Sunday, 9 April 2017


After years of saying I would, I have finally enrolled on the course run by the British Association of Rodentologists/Cambridge Cavy Trust.

I know its not a normal subject matter and it has resulted in a lot of people asking if I'm kind of mad, but let me explain.

Most veterinary training only includes very basic information in the care of many rodents. This means that there are a lot of vet practices that are not adequately equipped to deal with some smaller pets such as Guinea pigs, Rats, Hamsters, Rabbits, etc. They are still considered exotic species and require specialist vet care that many veterinary practices cannot provide. Of course, this is not the case for all vets but for the most part it is difficult, at least in the UK, to find a vet who can offer the kind of specialist service that make sick, small pets need.

I have had many four legged companions in my life; from cats, dogs, hamsters, chinchillas, degus, rats and an unfortunate accident in which I was sold two "female" bunnies and ended up with 9 because of the mistake. My passion for animals has always been apparent and because OF that passion, I'm also a vegan. My pets have always been my biggest passion, over any other interest, hobby or aspect of my life and while I don't think I have the stomach, co-ordination or capacity to become an actual vet, my little dream has always been to own a guinea pig rescue when I get back home. I know I'd need to find a lot of ways to fundraise to support it and it isn't something to ever be taken lightly, but I want to live my life in a way that is more than just a regular 9-5. I want to help make the world a better place, even if it is only in the tiniest of ways by helping guinea pigs and other small pets find their forever homes.

Animals are non judgemental. They are never going to make false assumptions about you based on what you look like or what disabilities you might have and if I can do something in my own little way to protect them, I want to.

So, why Rodentology do you ask? Why not a veterinary nurse?

This is mostly down to two very very special pets I have owned in my lifetime. While all of my pets have touched my heart in many different ways, there are two that I connected with on a much deeper level. A beautiful shoulder rat I had when I was much younger and my beloved Twinkie, a very special guinea pig who I sadly lost a few years ago due to an upper respiratory infection. I was so heartbroken when I lost Twinkie that I literally cried for the best part of a month. She was such a clever, intellectual and comforting little thing and knew her name, knew how to do tricks and was always so genuinely so happy to see me. I think, since guinea pigs are prey animals and therefore so much more cautious and wary of humans, that when they eventually do trust you, its the most rewarding experience ever.

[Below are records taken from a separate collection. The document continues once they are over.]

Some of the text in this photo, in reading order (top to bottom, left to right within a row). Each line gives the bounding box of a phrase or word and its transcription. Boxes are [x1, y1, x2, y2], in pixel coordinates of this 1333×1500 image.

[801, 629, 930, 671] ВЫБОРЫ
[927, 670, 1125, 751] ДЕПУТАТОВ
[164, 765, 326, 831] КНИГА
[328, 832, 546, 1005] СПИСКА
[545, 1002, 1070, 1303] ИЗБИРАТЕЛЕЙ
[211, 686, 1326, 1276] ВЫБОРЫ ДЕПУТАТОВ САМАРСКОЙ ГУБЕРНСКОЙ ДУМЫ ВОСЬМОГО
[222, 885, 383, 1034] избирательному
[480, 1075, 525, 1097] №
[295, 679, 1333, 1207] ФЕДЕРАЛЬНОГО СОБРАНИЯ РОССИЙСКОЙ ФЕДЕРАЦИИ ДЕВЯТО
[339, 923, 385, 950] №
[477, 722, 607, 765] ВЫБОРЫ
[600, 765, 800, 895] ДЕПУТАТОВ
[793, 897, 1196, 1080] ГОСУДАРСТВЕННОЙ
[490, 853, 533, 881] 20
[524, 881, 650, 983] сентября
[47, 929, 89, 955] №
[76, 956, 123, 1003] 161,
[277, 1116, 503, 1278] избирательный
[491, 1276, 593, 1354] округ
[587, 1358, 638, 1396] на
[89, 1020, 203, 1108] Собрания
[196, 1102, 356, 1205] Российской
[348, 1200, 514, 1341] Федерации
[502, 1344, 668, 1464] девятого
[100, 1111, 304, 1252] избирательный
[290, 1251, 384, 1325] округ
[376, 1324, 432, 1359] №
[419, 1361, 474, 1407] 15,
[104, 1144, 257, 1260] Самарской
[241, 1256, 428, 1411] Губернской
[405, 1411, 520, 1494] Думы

At the time I had a two level C&C mansion I made for all 7 of my pigs and Twinkie would always be the first one waiting for me when I got home from work, or when I woke up in the morning. She had a little ikea doll bed that she'd crash on and watch TV. I have no idea what kind of eyesight pigs have but she definitely seemed to be watching. She had the loudest wheek and the sweetest disposition that I don't think I'd ever to replace. Sadly, I lost 4 pigs from my herd in a very short amount of time due to an upper respiratory infection. In one week, 4 of my babies were gone, including Twinkie and while I was lucky enough to save 3 of them, I felt like I had been failed by the care that my local vets did have. It is true that illnesses in guinea pigs are difficult to spot, since they tend to hide all symptoms of their illnesses until their condition deteriorates to such a degree they cannot hide it anymore. If I had known more. If my vets had known more about pigs... I would have been able to share my life with my girls for longer than I got to, thus my decision to study Rodentology. Not only so I can prevent it from ever happening again with my own pets, but to help other people who might be suffering the same as I did.

Rodentology is not exactly a recognised profession and there are no official government/employment recognised courses that can be taken but I have found the best one that is available. It is apparently quite a heavy course, broken down into 4 parts. First of all the RHA (Rodent Health Advisory) which is all standard care information, a 2 day residential practical training and two optional lectures and workshops. Once those are completed you can then sit the more detailed GBAR courses, which are for Graduates of the British Association of Rodentologist courses. There are 3 separate parts; Anatomy, Physiology and Pharmacology and I've heard that it is very information heavy and definitely requires some dedicated study to absorb it all but thankfully, due to my current living situation, the BAR have agreed to let me get all the course material to study and I can sit all the examples, residential, workshops and lectures when I get home. I've only got the RHA part so far but if I start it and enjoy it, I'll go ahead and start studying the next parts in advance.

I plan to document a lot of my studies here and use the blog, not only as an outlet for many of the things floating around my head, but also for self motivation. I know from previous experience with home studying just how hard it is to be disciplined. However all my hard work with wig making and never taking days off, has definitely helped in that regard.

In my current apartment, we have been unable to keep pets here as part of our contract, but our new apartment we move to in September is pet friendly and so I have every intention to get some pigs as soon as we are settled! We're probably going to be looking into building a big cage out of IKEA furniture. I've seen some really beautiful ones and Alex is really quite excited about building their environment from scratch.